● Work order:
Please give the data again in full, exactly as provided.

Extracted data entries:
== Segment start ==

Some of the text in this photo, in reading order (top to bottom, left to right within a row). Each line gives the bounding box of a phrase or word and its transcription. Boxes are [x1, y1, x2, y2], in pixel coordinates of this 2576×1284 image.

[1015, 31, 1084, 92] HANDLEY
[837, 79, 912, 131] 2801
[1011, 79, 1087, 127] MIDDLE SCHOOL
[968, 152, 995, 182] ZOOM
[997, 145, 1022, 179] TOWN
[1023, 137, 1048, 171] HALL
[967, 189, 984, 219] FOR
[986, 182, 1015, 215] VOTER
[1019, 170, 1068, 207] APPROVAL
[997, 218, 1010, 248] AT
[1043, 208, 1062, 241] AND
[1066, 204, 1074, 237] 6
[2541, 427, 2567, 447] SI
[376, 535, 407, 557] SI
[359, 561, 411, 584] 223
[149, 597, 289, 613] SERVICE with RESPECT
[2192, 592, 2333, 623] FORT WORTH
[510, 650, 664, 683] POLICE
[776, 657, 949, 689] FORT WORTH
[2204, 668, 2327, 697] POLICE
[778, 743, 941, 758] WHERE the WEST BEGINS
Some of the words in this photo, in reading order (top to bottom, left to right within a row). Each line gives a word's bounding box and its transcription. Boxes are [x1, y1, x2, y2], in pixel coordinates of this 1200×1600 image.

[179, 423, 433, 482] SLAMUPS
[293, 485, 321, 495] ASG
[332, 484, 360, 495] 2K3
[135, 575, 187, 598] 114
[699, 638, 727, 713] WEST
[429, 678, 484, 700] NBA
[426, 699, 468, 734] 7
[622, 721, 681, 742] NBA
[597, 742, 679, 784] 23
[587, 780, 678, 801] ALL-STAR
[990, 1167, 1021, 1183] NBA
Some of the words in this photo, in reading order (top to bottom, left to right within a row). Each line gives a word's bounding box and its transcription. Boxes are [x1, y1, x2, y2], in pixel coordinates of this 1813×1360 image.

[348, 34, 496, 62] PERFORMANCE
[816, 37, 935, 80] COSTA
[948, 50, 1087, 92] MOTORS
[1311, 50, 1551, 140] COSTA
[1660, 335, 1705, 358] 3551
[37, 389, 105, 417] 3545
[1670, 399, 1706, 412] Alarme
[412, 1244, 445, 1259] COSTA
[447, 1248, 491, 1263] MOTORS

== Segment end ==

● Answer:
Some of the text in this photo, in reading order (top to bottom, left to right within a row). Each line gives the bounding box of a phrase or word and its transcription. Boxes are [x1, y1, x2, y2], in pixel coordinates of this 2576×1284 image.

[1015, 31, 1084, 92] HANDLEY
[837, 79, 912, 131] 2801
[1011, 79, 1087, 127] MIDDLE SCHOOL
[968, 152, 995, 182] ZOOM
[997, 145, 1022, 179] TOWN
[1023, 137, 1048, 171] HALL
[967, 189, 984, 219] FOR
[986, 182, 1015, 215] VOTER
[1019, 170, 1068, 207] APPROVAL
[997, 218, 1010, 248] AT
[1043, 208, 1062, 241] AND
[1066, 204, 1074, 237] 6
[2541, 427, 2567, 447] SI
[376, 535, 407, 557] SI
[359, 561, 411, 584] 223
[149, 597, 289, 613] SERVICE with RESPECT
[2192, 592, 2333, 623] FORT WORTH
[510, 650, 664, 683] POLICE
[776, 657, 949, 689] FORT WORTH
[2204, 668, 2327, 697] POLICE
[778, 743, 941, 758] WHERE the WEST BEGINS
Some of the words in this photo, in reading order (top to bottom, left to right within a row). Each line gives a word's bounding box and its transcription. Boxes are [x1, y1, x2, y2], in pixel coordinates of this 1200×1600 image.

[179, 423, 433, 482] SLAMUPS
[293, 485, 321, 495] ASG
[332, 484, 360, 495] 2K3
[135, 575, 187, 598] 114
[699, 638, 727, 713] WEST
[429, 678, 484, 700] NBA
[426, 699, 468, 734] 7
[622, 721, 681, 742] NBA
[597, 742, 679, 784] 23
[587, 780, 678, 801] ALL-STAR
[990, 1167, 1021, 1183] NBA
Some of the words in this photo, in reading order (top to bottom, left to right within a row). Each line gives a word's bounding box and its transcription. Boxes are [x1, y1, x2, y2], in pixel coordinates of this 1813×1360 image.

[348, 34, 496, 62] PERFORMANCE
[816, 37, 935, 80] COSTA
[948, 50, 1087, 92] MOTORS
[1311, 50, 1551, 140] COSTA
[1660, 335, 1705, 358] 3551
[37, 389, 105, 417] 3545
[1670, 399, 1706, 412] Alarme
[412, 1244, 445, 1259] COSTA
[447, 1248, 491, 1263] MOTORS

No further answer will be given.